Exactly. All I'm asking for is a few answers and yet people seem fit to think "oh well you just suck because you can't play outside of animation lock." Not that I need to defend it, but I've won Ifrit plenty of times and don't need any more skill. I say to those negative people: Thanks for the suggestion, but you really have no idea what you are talking about.
It seems like the player fan base of SE/FFXIV are totally brain washed from being jerked around for years in XI. I'm actually laughing out loud every time I open this thread now and see all these posts about animation lock being a positive thing. Doesn't seem like many of the people supporting this have any experience with MMOs outside of FF.
As it stands right now, heavy armor = tanks in EXP PT. It's already "Kill as fast as possible to increase EXP." This is pretty common in most MMOs with the same pacing as FFXIV and not a new concept. The tanking concept only becomes important later when you deal with raiding. However, all characters participating in a raid should be able to perform their roles without standing apart so greatly from one another that they are marked useless and never invited to that raid. Ifrit is a perfect example of this. Archer gets animation lock from regular attacks? Bam. Instant useless class. You levelled Archer to 50 for absolutely no reason and SE spits on you in response. Time to play LNC, MRD or CNJ I guess. Or quit.
It's no wonder why this concept you're defending is unpopular and considered a design flaw.
Real life & Movies != Video games. Just because something is hyper realistic does not mean it will be a good idea when you create an artificial world with artificial systems that only work by mimicking real life and then skewing reality to be entertaining. In real life you wouldn't be casting magical purple light that suddenly is supposed to heal another characters wounds, even when those wounds keep coming. In real life you wouldn't be taking repeated hits from a giant creature considered a primal god and live to tell about it. Saying "it's realistic and that's why I think it should stay this way because I can just play another class" is being highly counter-productive and very besides the point.

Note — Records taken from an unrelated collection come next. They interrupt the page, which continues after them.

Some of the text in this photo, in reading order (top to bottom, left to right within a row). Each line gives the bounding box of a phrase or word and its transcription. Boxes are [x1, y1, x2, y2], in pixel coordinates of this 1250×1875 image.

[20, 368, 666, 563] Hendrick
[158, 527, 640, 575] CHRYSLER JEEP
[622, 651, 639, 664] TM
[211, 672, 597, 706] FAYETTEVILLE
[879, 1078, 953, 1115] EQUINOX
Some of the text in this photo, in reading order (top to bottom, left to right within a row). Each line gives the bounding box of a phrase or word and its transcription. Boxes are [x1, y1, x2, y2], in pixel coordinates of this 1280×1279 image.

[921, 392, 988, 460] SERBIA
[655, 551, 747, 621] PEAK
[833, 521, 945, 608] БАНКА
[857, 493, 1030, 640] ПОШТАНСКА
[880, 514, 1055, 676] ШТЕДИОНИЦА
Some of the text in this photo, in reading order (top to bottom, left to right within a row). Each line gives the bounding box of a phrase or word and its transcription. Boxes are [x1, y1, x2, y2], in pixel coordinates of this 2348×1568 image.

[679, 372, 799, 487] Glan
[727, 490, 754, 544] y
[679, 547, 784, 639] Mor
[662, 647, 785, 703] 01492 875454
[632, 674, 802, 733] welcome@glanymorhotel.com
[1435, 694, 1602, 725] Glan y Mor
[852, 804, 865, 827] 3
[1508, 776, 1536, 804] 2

The problem here is not that a player couldn't figure out a way to adapt like everyone else who actually gets to go as one of the "required classes". The problem is because everyone knows that they are "gimped" from a broken mechanic, they do not get invites. They don't even get a chance to defend why their class should go if it's really in the hands of a more-capable player. This is a direct result of a design flaw. You can't really blame the majority of the player base from shying away from ARC when you are trying to set up a group and have your heart set on winning.